Task data section start

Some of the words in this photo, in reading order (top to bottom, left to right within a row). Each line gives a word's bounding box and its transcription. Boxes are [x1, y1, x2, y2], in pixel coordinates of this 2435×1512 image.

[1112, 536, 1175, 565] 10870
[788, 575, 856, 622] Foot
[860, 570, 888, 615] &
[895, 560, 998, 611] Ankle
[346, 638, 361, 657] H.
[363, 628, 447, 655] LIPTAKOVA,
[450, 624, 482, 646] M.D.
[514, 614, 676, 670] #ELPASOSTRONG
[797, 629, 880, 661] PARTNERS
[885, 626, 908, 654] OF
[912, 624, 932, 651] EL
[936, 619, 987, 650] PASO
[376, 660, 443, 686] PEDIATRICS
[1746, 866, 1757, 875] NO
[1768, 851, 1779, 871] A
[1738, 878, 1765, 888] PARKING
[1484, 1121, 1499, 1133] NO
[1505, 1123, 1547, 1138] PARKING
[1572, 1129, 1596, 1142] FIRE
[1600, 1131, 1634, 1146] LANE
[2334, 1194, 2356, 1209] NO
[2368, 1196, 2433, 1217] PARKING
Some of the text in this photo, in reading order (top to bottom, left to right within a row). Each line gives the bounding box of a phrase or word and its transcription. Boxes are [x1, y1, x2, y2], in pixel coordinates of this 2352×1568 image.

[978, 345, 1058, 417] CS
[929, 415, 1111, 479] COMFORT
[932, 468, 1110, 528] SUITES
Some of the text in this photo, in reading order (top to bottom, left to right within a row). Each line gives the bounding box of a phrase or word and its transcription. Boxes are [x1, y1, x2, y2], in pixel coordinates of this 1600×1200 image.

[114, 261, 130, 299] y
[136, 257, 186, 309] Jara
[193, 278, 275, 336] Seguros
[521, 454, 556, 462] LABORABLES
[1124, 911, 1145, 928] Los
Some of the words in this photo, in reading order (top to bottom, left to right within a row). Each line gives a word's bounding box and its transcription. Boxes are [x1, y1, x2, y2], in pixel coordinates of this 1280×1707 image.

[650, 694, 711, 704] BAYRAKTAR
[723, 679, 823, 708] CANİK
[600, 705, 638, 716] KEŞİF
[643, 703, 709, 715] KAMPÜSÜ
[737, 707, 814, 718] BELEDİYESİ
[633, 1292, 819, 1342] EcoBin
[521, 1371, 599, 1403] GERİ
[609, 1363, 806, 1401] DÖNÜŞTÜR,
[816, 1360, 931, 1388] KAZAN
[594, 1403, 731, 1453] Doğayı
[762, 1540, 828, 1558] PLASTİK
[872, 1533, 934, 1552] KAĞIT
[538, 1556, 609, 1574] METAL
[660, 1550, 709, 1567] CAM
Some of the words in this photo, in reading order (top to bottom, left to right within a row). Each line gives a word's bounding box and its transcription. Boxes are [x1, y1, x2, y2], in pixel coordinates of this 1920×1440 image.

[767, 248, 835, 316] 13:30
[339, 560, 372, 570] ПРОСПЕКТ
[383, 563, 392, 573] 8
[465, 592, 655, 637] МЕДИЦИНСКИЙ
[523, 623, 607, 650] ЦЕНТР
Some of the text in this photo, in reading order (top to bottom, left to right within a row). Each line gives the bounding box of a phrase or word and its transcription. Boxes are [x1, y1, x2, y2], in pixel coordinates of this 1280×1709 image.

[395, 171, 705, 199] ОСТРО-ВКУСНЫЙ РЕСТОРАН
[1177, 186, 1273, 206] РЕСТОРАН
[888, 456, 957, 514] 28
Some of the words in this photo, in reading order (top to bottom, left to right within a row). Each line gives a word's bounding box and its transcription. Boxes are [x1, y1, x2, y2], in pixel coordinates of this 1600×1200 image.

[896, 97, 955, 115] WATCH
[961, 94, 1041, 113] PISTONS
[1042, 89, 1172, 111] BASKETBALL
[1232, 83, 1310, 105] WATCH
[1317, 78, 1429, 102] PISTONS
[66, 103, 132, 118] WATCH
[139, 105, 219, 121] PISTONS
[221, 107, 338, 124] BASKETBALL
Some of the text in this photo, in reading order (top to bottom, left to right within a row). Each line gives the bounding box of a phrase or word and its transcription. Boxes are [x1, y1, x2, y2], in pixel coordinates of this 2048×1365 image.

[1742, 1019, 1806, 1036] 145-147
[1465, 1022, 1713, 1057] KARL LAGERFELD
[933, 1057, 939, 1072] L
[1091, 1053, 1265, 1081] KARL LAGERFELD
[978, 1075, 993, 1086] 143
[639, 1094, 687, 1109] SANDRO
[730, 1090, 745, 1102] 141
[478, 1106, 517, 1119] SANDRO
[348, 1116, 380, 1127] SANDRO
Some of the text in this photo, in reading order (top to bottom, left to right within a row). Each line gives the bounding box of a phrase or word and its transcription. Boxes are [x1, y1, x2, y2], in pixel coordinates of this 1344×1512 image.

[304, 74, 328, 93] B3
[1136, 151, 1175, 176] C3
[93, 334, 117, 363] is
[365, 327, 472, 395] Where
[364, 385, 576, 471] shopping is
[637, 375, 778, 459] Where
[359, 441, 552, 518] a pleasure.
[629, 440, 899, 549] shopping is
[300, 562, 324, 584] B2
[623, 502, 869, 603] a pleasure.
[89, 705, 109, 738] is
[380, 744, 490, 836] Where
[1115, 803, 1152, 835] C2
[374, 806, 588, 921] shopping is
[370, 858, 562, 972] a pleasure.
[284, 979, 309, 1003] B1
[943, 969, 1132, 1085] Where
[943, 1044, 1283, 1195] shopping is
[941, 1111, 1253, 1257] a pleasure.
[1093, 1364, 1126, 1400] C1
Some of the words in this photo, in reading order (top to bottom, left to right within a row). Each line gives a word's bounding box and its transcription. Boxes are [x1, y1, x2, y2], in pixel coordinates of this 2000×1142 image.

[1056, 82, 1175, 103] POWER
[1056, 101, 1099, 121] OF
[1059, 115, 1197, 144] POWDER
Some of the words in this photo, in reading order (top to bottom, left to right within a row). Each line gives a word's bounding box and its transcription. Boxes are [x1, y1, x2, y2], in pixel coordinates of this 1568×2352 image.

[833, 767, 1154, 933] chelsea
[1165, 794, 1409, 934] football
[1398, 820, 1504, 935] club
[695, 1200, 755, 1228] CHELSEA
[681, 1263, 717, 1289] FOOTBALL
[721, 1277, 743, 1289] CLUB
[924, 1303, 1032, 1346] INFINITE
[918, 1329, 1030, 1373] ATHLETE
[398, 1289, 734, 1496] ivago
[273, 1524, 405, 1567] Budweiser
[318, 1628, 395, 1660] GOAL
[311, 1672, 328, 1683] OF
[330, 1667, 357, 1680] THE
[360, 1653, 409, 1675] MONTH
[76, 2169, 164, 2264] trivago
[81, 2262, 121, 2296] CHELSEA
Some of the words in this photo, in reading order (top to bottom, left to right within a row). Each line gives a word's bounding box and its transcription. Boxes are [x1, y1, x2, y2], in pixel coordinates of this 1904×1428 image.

Task data section end

**Problem**
Down to the last character, restate every record.

**Output for this task**
Some of the words in this photo, in reading order (top to bottom, left to right within a row). Each line gives a word's bounding box and its transcription. Boxes are [x1, y1, x2, y2], in pixel coordinates of this 2435×1512 image.

[1112, 536, 1175, 565] 10870
[788, 575, 856, 622] Foot
[860, 570, 888, 615] &
[895, 560, 998, 611] Ankle
[346, 638, 361, 657] H.
[363, 628, 447, 655] LIPTAKOVA,
[450, 624, 482, 646] M.D.
[514, 614, 676, 670] #ELPASOSTRONG
[797, 629, 880, 661] PARTNERS
[885, 626, 908, 654] OF
[912, 624, 932, 651] EL
[936, 619, 987, 650] PASO
[376, 660, 443, 686] PEDIATRICS
[1746, 866, 1757, 875] NO
[1768, 851, 1779, 871] A
[1738, 878, 1765, 888] PARKING
[1484, 1121, 1499, 1133] NO
[1505, 1123, 1547, 1138] PARKING
[1572, 1129, 1596, 1142] FIRE
[1600, 1131, 1634, 1146] LANE
[2334, 1194, 2356, 1209] NO
[2368, 1196, 2433, 1217] PARKING
Some of the text in this photo, in reading order (top to bottom, left to right within a row). Each line gives the bounding box of a phrase or word and its transcription. Boxes are [x1, y1, x2, y2], in pixel coordinates of this 2352×1568 image.

[978, 345, 1058, 417] CS
[929, 415, 1111, 479] COMFORT
[932, 468, 1110, 528] SUITES
Some of the text in this photo, in reading order (top to bottom, left to right within a row). Each line gives the bounding box of a phrase or word and its transcription. Boxes are [x1, y1, x2, y2], in pixel coordinates of this 1600×1200 image.

[114, 261, 130, 299] y
[136, 257, 186, 309] Jara
[193, 278, 275, 336] Seguros
[521, 454, 556, 462] LABORABLES
[1124, 911, 1145, 928] Los
Some of the words in this photo, in reading order (top to bottom, left to right within a row). Each line gives a word's bounding box and its transcription. Boxes are [x1, y1, x2, y2], in pixel coordinates of this 1280×1707 image.

[650, 694, 711, 704] BAYRAKTAR
[723, 679, 823, 708] CANİK
[600, 705, 638, 716] KEŞİF
[643, 703, 709, 715] KAMPÜSÜ
[737, 707, 814, 718] BELEDİYESİ
[633, 1292, 819, 1342] EcoBin
[521, 1371, 599, 1403] GERİ
[609, 1363, 806, 1401] DÖNÜŞTÜR,
[816, 1360, 931, 1388] KAZAN
[594, 1403, 731, 1453] Doğayı
[762, 1540, 828, 1558] PLASTİK
[872, 1533, 934, 1552] KAĞIT
[538, 1556, 609, 1574] METAL
[660, 1550, 709, 1567] CAM
Some of the words in this photo, in reading order (top to bottom, left to right within a row). Each line gives a word's bounding box and its transcription. Boxes are [x1, y1, x2, y2], in pixel coordinates of this 1920×1440 image.

[767, 248, 835, 316] 13:30
[339, 560, 372, 570] ПРОСПЕКТ
[383, 563, 392, 573] 8
[465, 592, 655, 637] МЕДИЦИНСКИЙ
[523, 623, 607, 650] ЦЕНТР
Some of the text in this photo, in reading order (top to bottom, left to right within a row). Each line gives the bounding box of a phrase or word and its transcription. Boxes are [x1, y1, x2, y2], in pixel coordinates of this 1280×1709 image.

[395, 171, 705, 199] ОСТРО-ВКУСНЫЙ РЕСТОРАН
[1177, 186, 1273, 206] РЕСТОРАН
[888, 456, 957, 514] 28
Some of the words in this photo, in reading order (top to bottom, left to right within a row). Each line gives a word's bounding box and its transcription. Boxes are [x1, y1, x2, y2], in pixel coordinates of this 1600×1200 image.

[896, 97, 955, 115] WATCH
[961, 94, 1041, 113] PISTONS
[1042, 89, 1172, 111] BASKETBALL
[1232, 83, 1310, 105] WATCH
[1317, 78, 1429, 102] PISTONS
[66, 103, 132, 118] WATCH
[139, 105, 219, 121] PISTONS
[221, 107, 338, 124] BASKETBALL
Some of the text in this photo, in reading order (top to bottom, left to right within a row). Each line gives the bounding box of a phrase or word and its transcription. Boxes are [x1, y1, x2, y2], in pixel coordinates of this 2048×1365 image.

[1742, 1019, 1806, 1036] 145-147
[1465, 1022, 1713, 1057] KARL LAGERFELD
[933, 1057, 939, 1072] L
[1091, 1053, 1265, 1081] KARL LAGERFELD
[978, 1075, 993, 1086] 143
[639, 1094, 687, 1109] SANDRO
[730, 1090, 745, 1102] 141
[478, 1106, 517, 1119] SANDRO
[348, 1116, 380, 1127] SANDRO
Some of the text in this photo, in reading order (top to bottom, left to right within a row). Each line gives the bounding box of a phrase or word and its transcription. Boxes are [x1, y1, x2, y2], in pixel coordinates of this 1344×1512 image.

[304, 74, 328, 93] B3
[1136, 151, 1175, 176] C3
[93, 334, 117, 363] is
[365, 327, 472, 395] Where
[364, 385, 576, 471] shopping is
[637, 375, 778, 459] Where
[359, 441, 552, 518] a pleasure.
[629, 440, 899, 549] shopping is
[300, 562, 324, 584] B2
[623, 502, 869, 603] a pleasure.
[89, 705, 109, 738] is
[380, 744, 490, 836] Where
[1115, 803, 1152, 835] C2
[374, 806, 588, 921] shopping is
[370, 858, 562, 972] a pleasure.
[284, 979, 309, 1003] B1
[943, 969, 1132, 1085] Where
[943, 1044, 1283, 1195] shopping is
[941, 1111, 1253, 1257] a pleasure.
[1093, 1364, 1126, 1400] C1
Some of the words in this photo, in reading order (top to bottom, left to right within a row). Each line gives a word's bounding box and its transcription. Boxes are [x1, y1, x2, y2], in pixel coordinates of this 2000×1142 image.

[1056, 82, 1175, 103] POWER
[1056, 101, 1099, 121] OF
[1059, 115, 1197, 144] POWDER
Some of the words in this photo, in reading order (top to bottom, left to right within a row). Each line gives a word's bounding box and its transcription. Boxes are [x1, y1, x2, y2], in pixel coordinates of this 1568×2352 image.

[833, 767, 1154, 933] chelsea
[1165, 794, 1409, 934] football
[1398, 820, 1504, 935] club
[695, 1200, 755, 1228] CHELSEA
[681, 1263, 717, 1289] FOOTBALL
[721, 1277, 743, 1289] CLUB
[924, 1303, 1032, 1346] INFINITE
[918, 1329, 1030, 1373] ATHLETE
[398, 1289, 734, 1496] ivago
[273, 1524, 405, 1567] Budweiser
[318, 1628, 395, 1660] GOAL
[311, 1672, 328, 1683] OF
[330, 1667, 357, 1680] THE
[360, 1653, 409, 1675] MONTH
[76, 2169, 164, 2264] trivago
[81, 2262, 121, 2296] CHELSEA
Some of the words in this photo, in reading order (top to bottom, left to right within a row). Each line gives a word's bounding box and its transcription. Boxes are [x1, y1, x2, y2], in pixel coordinates of this 1904×1428 image.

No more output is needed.